Of course, there will also be numerous new drivers for various devices to provide users with top-notch hardware support. These include the AHT20 temperature and humidity sensor, HP WMI sensors, and ROG Crosshair X670E Hero motherboard.

On top of that, Linux kernel 6.5 improves SMP scheduling’s load balancer to recognize SMT cores with more than one busy sibling and allows lower-priority CPUs to pull tasks to avoid superfluous migrations, implements the “runnable boosting” feature in the EAS balancer to improve CPU utilization for certain workloads, and improves journalling, block allocator subsystems, and performance for parallel DIO overwrites on the EXT4 file system.

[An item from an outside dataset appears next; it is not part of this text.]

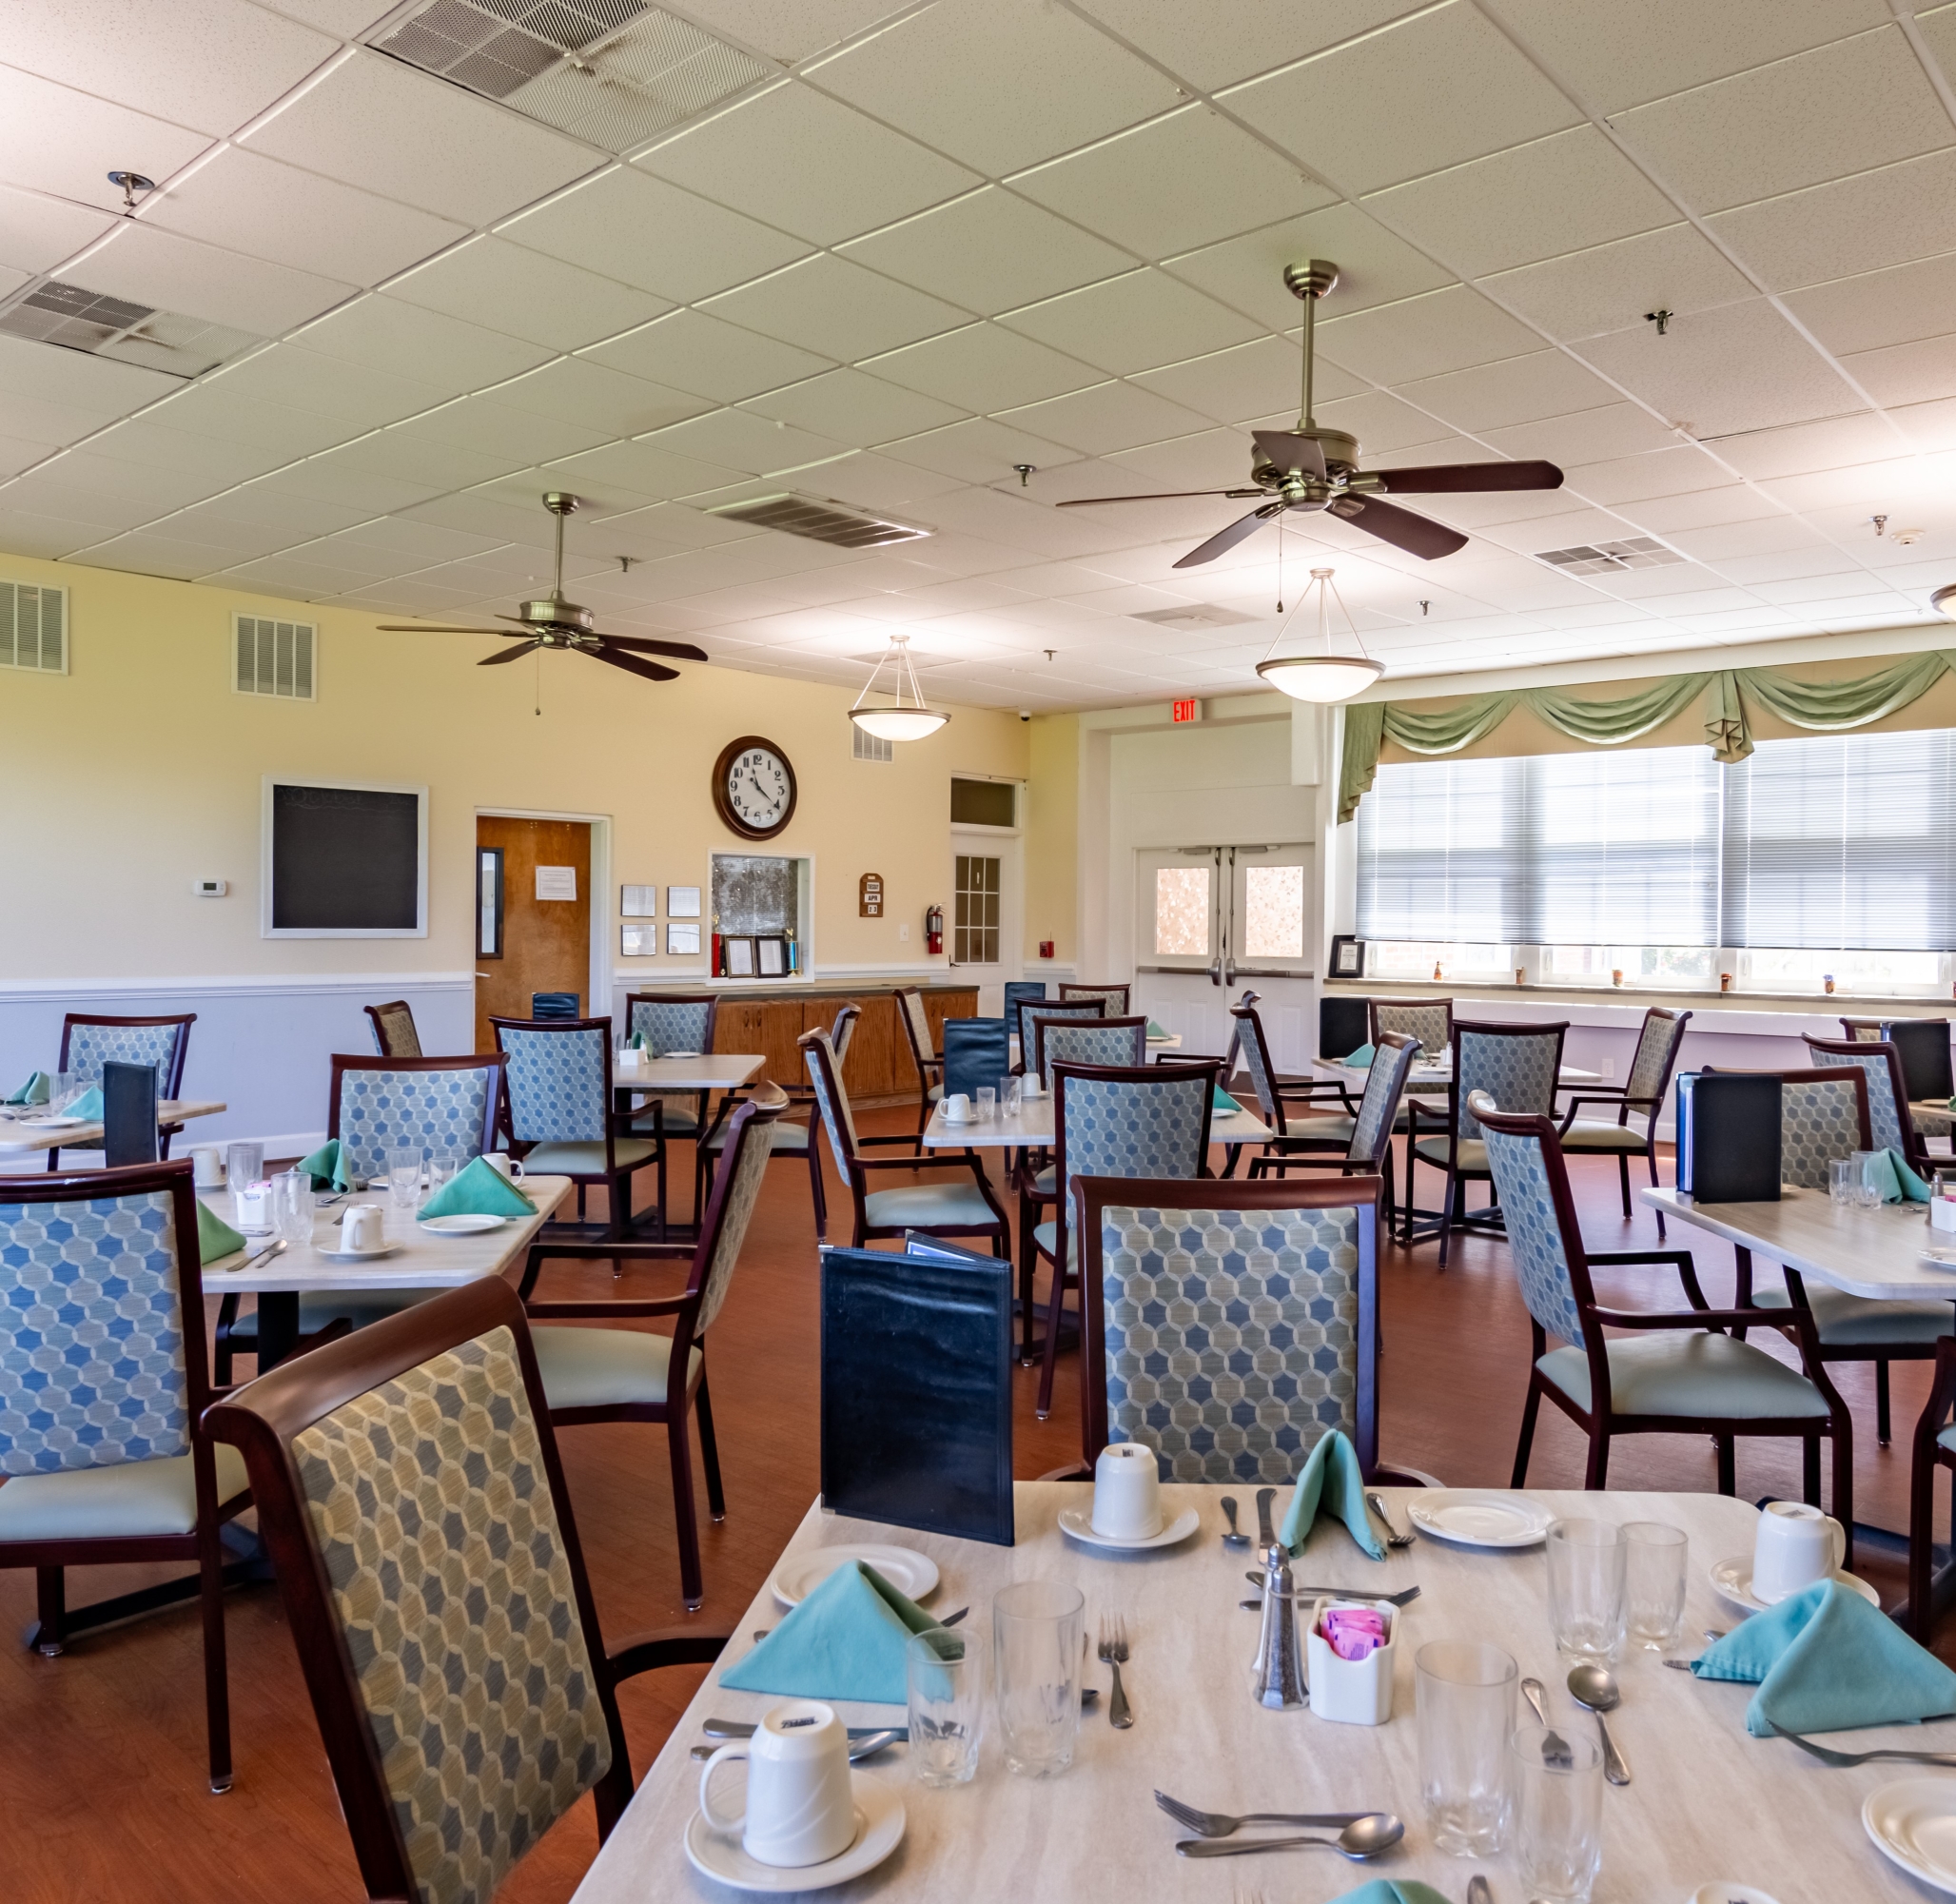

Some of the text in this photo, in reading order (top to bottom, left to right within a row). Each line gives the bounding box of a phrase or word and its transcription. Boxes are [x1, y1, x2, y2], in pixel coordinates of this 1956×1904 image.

“Let’s calm this party down. I have this slight suspicion that this may be one of those releases that may drag out, not because there are any particular issues I expect problems with, but simply due to a lot of Europe going on vacation for the month of August. But who knows… We’ll see how things develop,” said Linus Torvalds.

The final release of Linux kernel 6.5 is expected at the end of August or early September 2023, which depends on how many Release Candidate (RC) milestones Linus Torvalds will announce until then. It will be out on August 27th if there will be only seven RCs or on September 3rd if eight RCs are announced.

Until then, if you want to take Linux kernel 6.5 for a test drive, you can download the first Release Candidate (RC1) milestone right now from either Linus Torvalds’s git tree or from the kernel.org website. However, I have to warn you not to install or use this development version on a production machine!